Mom: “You’ll be up tonight with an upset stomach, and I’ll be up with you. How many times have we been through this? Take the medicine.”

Jr. repeats his point: “But it gags me.”

Mom paraphrases: “Do you mean it makes you feel like spitting up?”

Jr.: “Yeah.”

Junior now knows Mom understands him. He’s able to listen.

Mom: “Maybe we can try another kind of medicine.”

But some people struggle to think of a different way of stating another’s argument. In addition, if you paraphrase too much, the other person might feel annoyed.

The “plus” in “Persuasive Paraphrasing Plus” is that there are other communication skills, akin to paraphrasing, that similarly serve to let a speaker know you’re following him. These include asking for more information and offering similes.
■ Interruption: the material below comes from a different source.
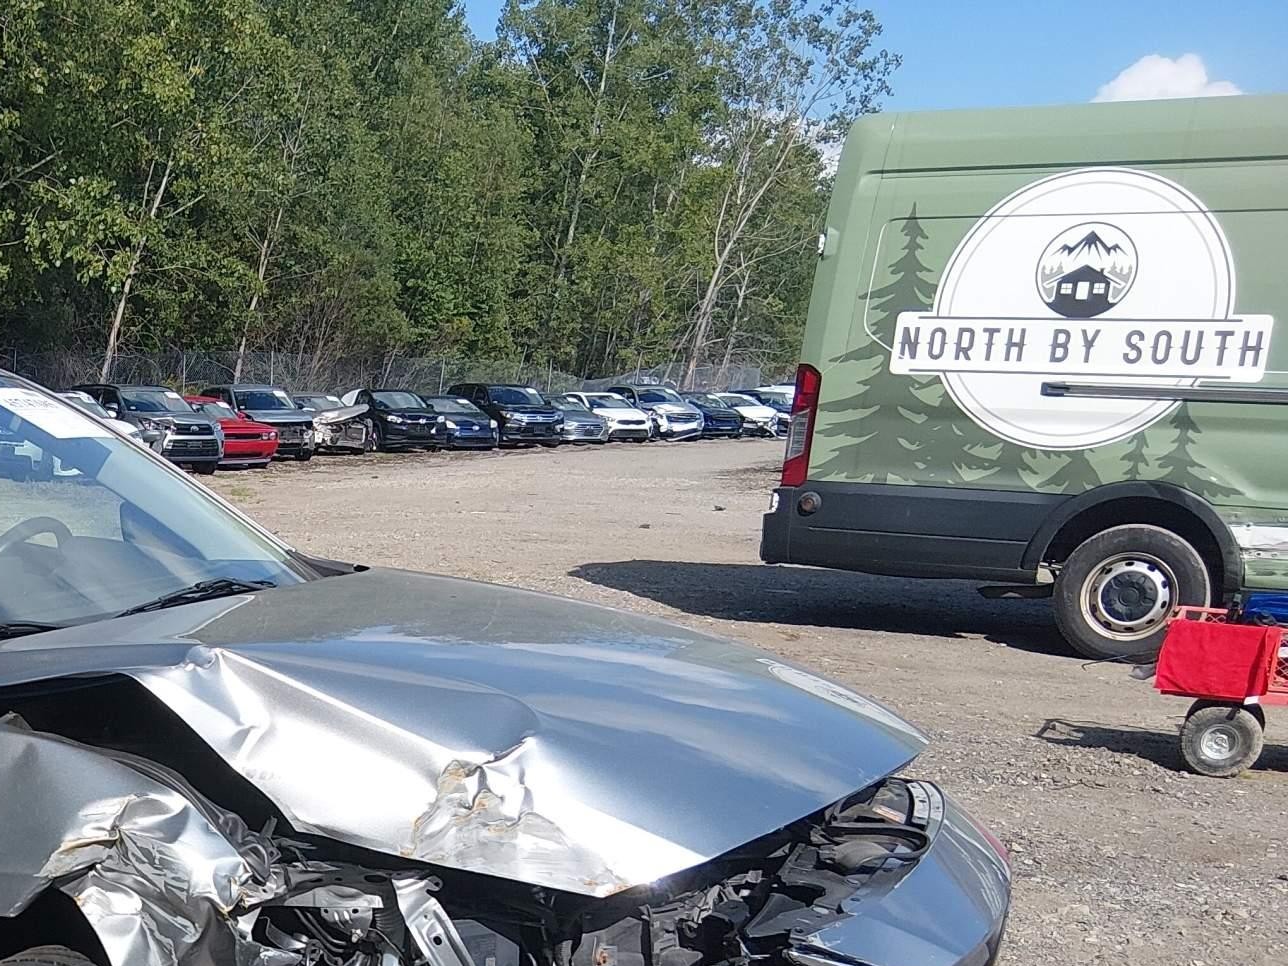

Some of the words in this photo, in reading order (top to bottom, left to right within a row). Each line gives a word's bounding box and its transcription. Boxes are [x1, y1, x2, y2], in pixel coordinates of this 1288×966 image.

[898, 326, 1027, 363] NORTH
[1048, 328, 1102, 364] BY
[1122, 329, 1265, 367] SOUTH
Mom: “Did you take your lactase before you started eating that ice cream?”

Jr.: “No. It’s so gross it gags me.”

Mom: “You’ll be up tonight with an upset stomach, and I’ll be up with you. How many times have we been through this? Take the medicine.”

Jr. repeats his point: “But it gags me.”

Mom offers a solution: “Maybe I can get you a different kind of lactase.”

Jr. repeats again: “It gags me!”

Mom asks for more information: “What’s gaggy about it? The taste? The texture?”

Jr.: “It’s dry and gritty, like it gets stuck in my throat. Then I want to gag.”

Mom offers a simile: “Like chalk?”

Jr. now knows that mom understands what he’s been trying to say, so he stops repeating: “Yeah.”

Mom: “I believe they make a slick caplet that you can swallow whole, so you don’t have to chew it. Let’s put your ice cream in the freezer, run down to the corner pharmacy and get the other kind.”

Both actual paraphrasing and its cousins, asking for information and offering similes, work so well you won’t believe it till you try them. So please do! And let me know how they work for you.